Para un país de descreídos, que suele acordarse de Dios cuando se golpea en un dedo clavando un cuadro, la dosis de fe que ponemos en todo es notabilísima, mucha más que la de quienes habitan en lugares de fe calvinista, tan fría y desapasionada. Nosotros, aunque les pese a los odiadores, somos tierra de fe, de creencias, de ahí que una de las cosas que no han de resucitar sea la devoción hacia ciertos políticos. Con lo que estamos sufriendo y los quebrantos económicos que se nos vienen encima, la gente de a pie obrará como Santo Tomás y exigirá ver para creer. Y verá poco o nada, porque quienes deberían darle consuelo solo saben darle charlas vacías. Dura tarea la de los Ivanes Redondos si tienen que convencer a los dos nuevos millones de parados que tendremos – hay quien dice que podemos llegar hasta los cinco – acerca de las bondades de Sánchez y su gobierno bolivariano disfrazado de decencia, o a las Rosas Marías Mateos de turno si han de persuadir a los espectadores acerca de que todo son cancioncitas en los balcones, noticias ominosas respecto a lo mal que están en los Estados Unidos o publi reportajes sobre los líderes que tenemos la suerte de gozar.
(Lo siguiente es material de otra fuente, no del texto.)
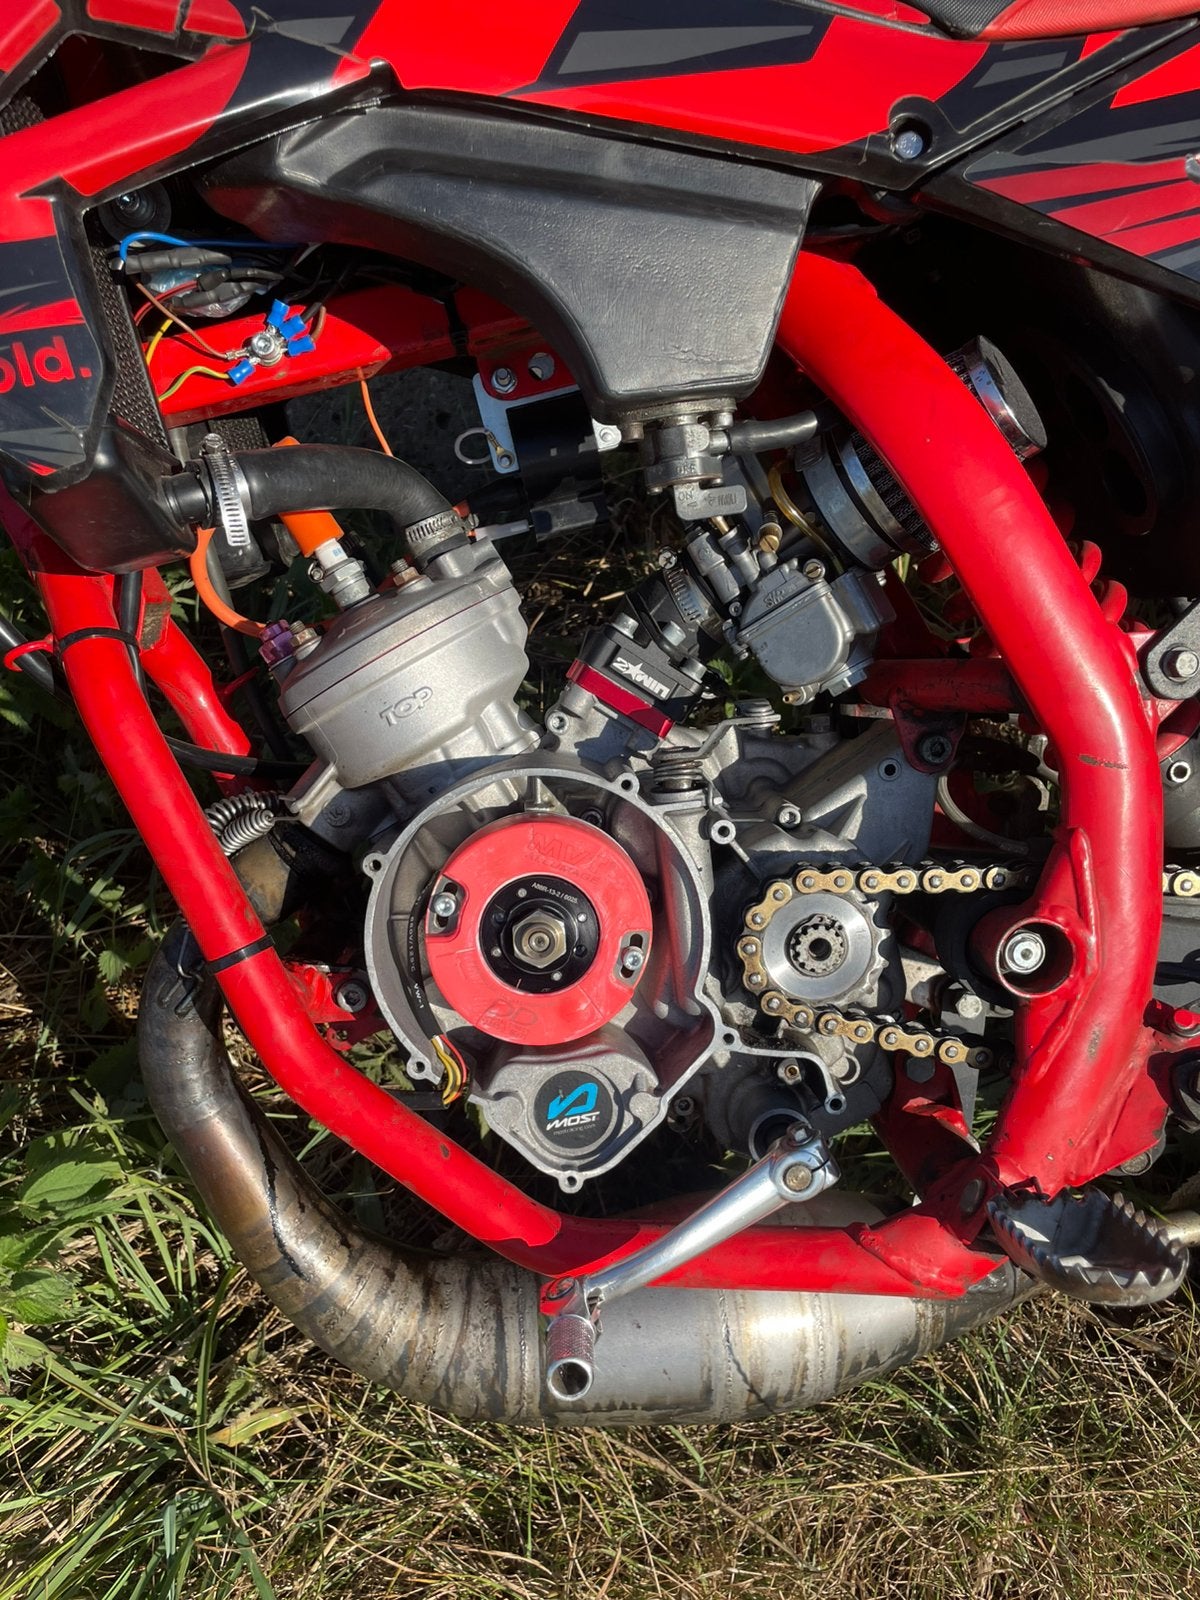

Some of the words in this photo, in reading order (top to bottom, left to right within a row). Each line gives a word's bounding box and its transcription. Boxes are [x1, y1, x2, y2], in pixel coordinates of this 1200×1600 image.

[678, 490, 693, 502] ON
[379, 686, 433, 727] TOP
[546, 1111, 600, 1131] MOST
Esa fe no resucitará tampoco en mi tierra en la que la estupidez congénita del separatismo se ha unido a un sálvese quien pueda que Josep María de Sagarra definió en la frase el gran prende pel saccorporatiu. Mientras Puigdemont y Torra intercambian comentarios acerca de un libro escrito por Carles Rahola emocionados, la consellera de sanidad y la portavoz casi se dan patadas en la espinilla por no ponerse de acuerdo en cifras y fechas; Torra ha tenido que salir a disculparse porque ni son todos los millones de mascarillas que prometió ni están cuando se dijo que estarían; ítem más, han llegado primero las del estado odiado que las de la república panacea.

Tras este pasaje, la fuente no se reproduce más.